- _The problem_: Print word for word the records from the line containing "this 1344×1512 image." through the end.

====

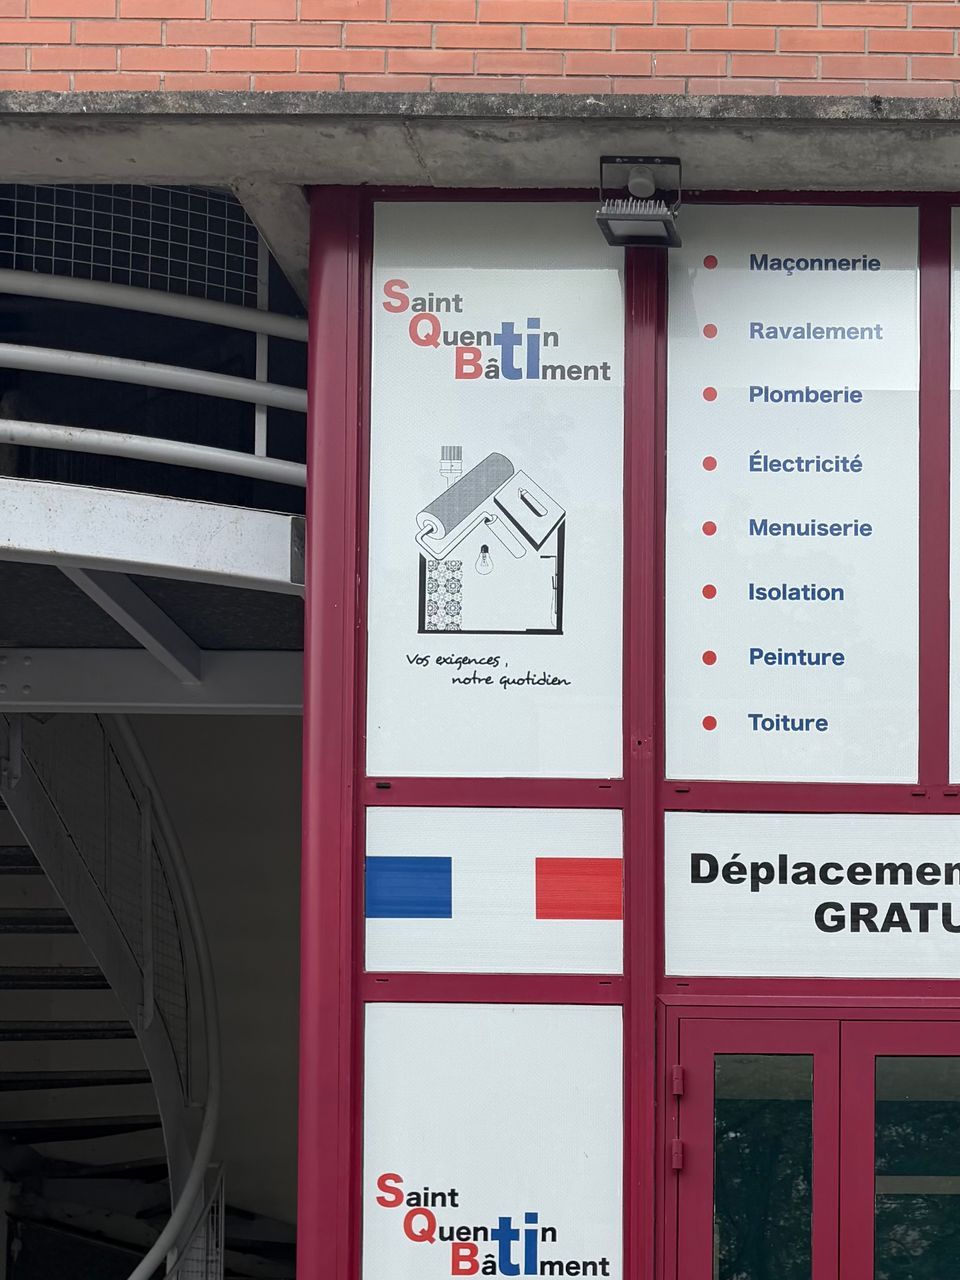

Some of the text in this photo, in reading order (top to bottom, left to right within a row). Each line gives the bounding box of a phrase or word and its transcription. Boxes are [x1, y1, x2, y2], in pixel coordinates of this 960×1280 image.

[750, 253, 881, 276] Maçonnerie
[382, 278, 463, 313] Saint
[750, 322, 882, 339] Ravalement
[408, 312, 559, 380] Quentin
[454, 317, 611, 381] Bâtiment
[750, 386, 862, 403] Plomberie
[750, 450, 862, 472] Électricité
[750, 519, 872, 536] Menuiserie
[750, 583, 844, 601] Isolation
[407, 654, 430, 667] Vos
[750, 648, 844, 665] Peinture
[452, 671, 571, 689] notre quotidien
[748, 714, 828, 731] Toiture
[375, 1173, 459, 1208] Saint
[403, 1207, 557, 1276] Quentin
[451, 1212, 610, 1276] Bâtiment
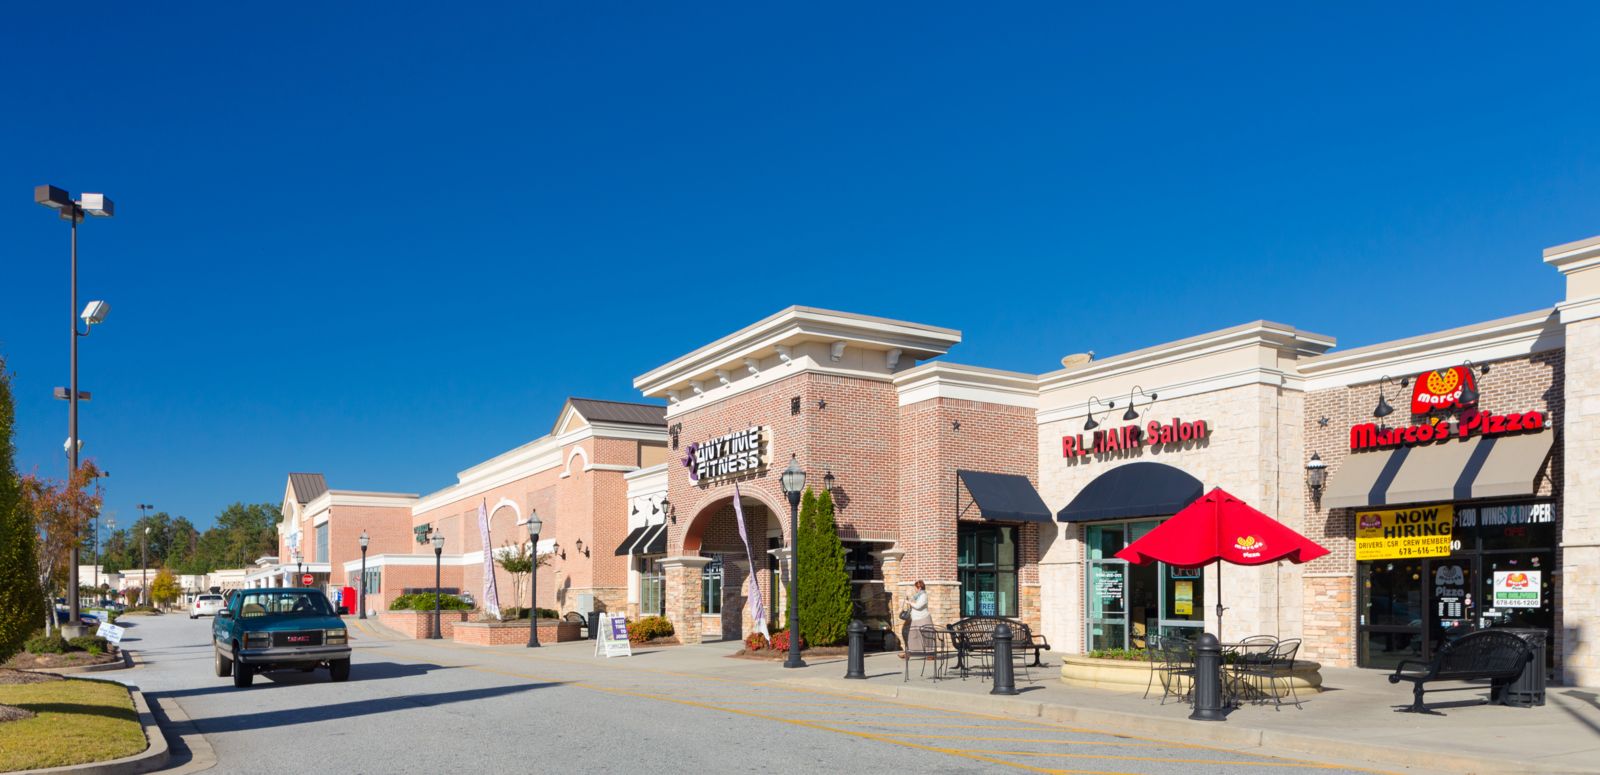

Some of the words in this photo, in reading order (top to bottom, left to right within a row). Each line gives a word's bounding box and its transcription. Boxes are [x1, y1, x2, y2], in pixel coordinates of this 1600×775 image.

[1417, 386, 1464, 404] marco'
[1062, 434, 1086, 458] RL
[1093, 425, 1138, 454] HAIR
[1147, 417, 1206, 445] Salon
[1350, 422, 1450, 449] Marco's
[1458, 409, 1544, 437] Pizza
[697, 426, 759, 463] ANYTIME
[697, 449, 759, 480] FITNESS
[1395, 508, 1439, 525] NOW
[1481, 506, 1508, 526] WINGS
[1511, 506, 1517, 524] &
[1519, 503, 1555, 523] DIPPERS
[1384, 522, 1451, 539] HIRING
[1358, 541, 1383, 549] DRIVERS
[1387, 540, 1398, 548] CSR
[1403, 539, 1420, 547] CREW
[1421, 537, 1451, 545] MEMBERS
[1435, 586, 1464, 597] Pizza
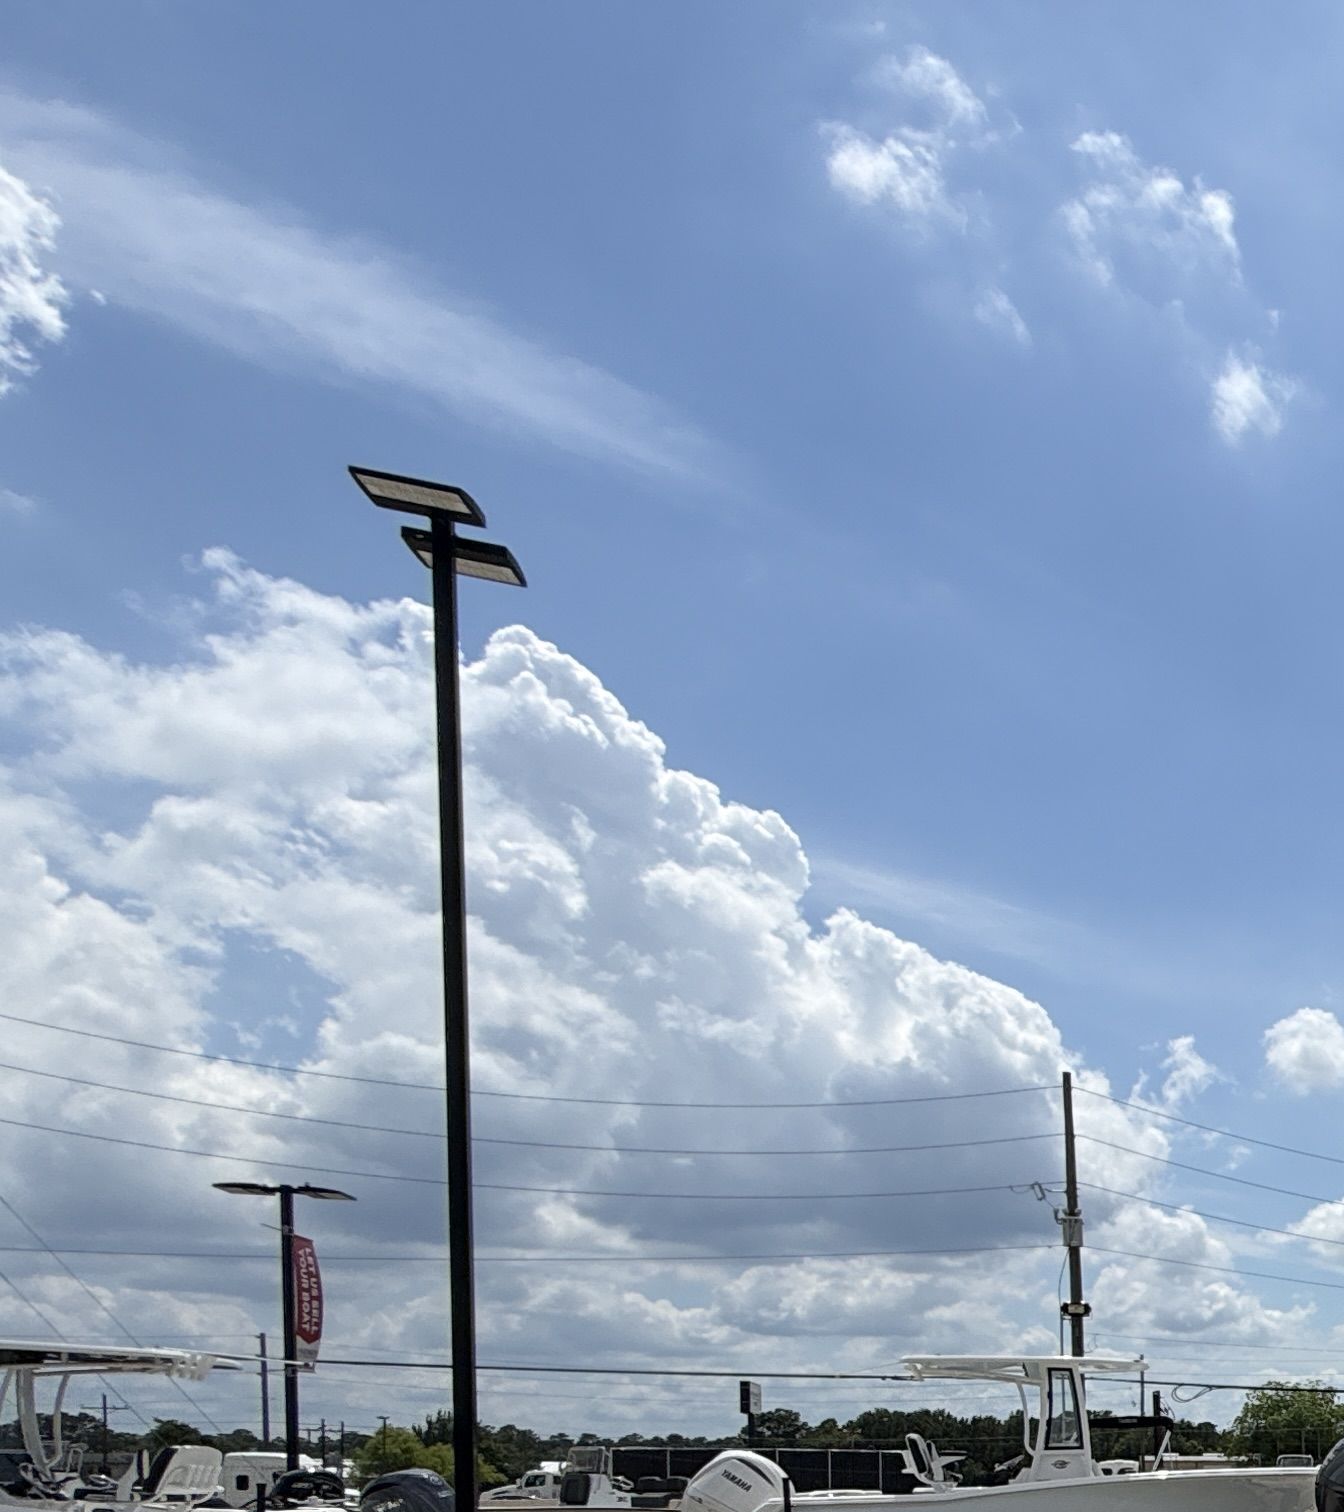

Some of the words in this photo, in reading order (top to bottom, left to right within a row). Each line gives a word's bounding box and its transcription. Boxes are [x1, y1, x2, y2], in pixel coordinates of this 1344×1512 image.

[298, 1248, 309, 1288] YOUR
[310, 1277, 319, 1298] US
[301, 1294, 311, 1332] BOAT
[311, 1300, 319, 1334] SELL
[721, 1468, 753, 1493] YAMAHA

====

- _Reply_:
Some of the words in this photo, in reading order (top to bottom, left to right within a row). Each line gives a word's bounding box and its transcription. Boxes are [x1, y1, x2, y2], in pixel coordinates of this 1344×1512 image.

[298, 1248, 309, 1288] YOUR
[310, 1277, 319, 1298] US
[301, 1294, 311, 1332] BOAT
[311, 1300, 319, 1334] SELL
[721, 1468, 753, 1493] YAMAHA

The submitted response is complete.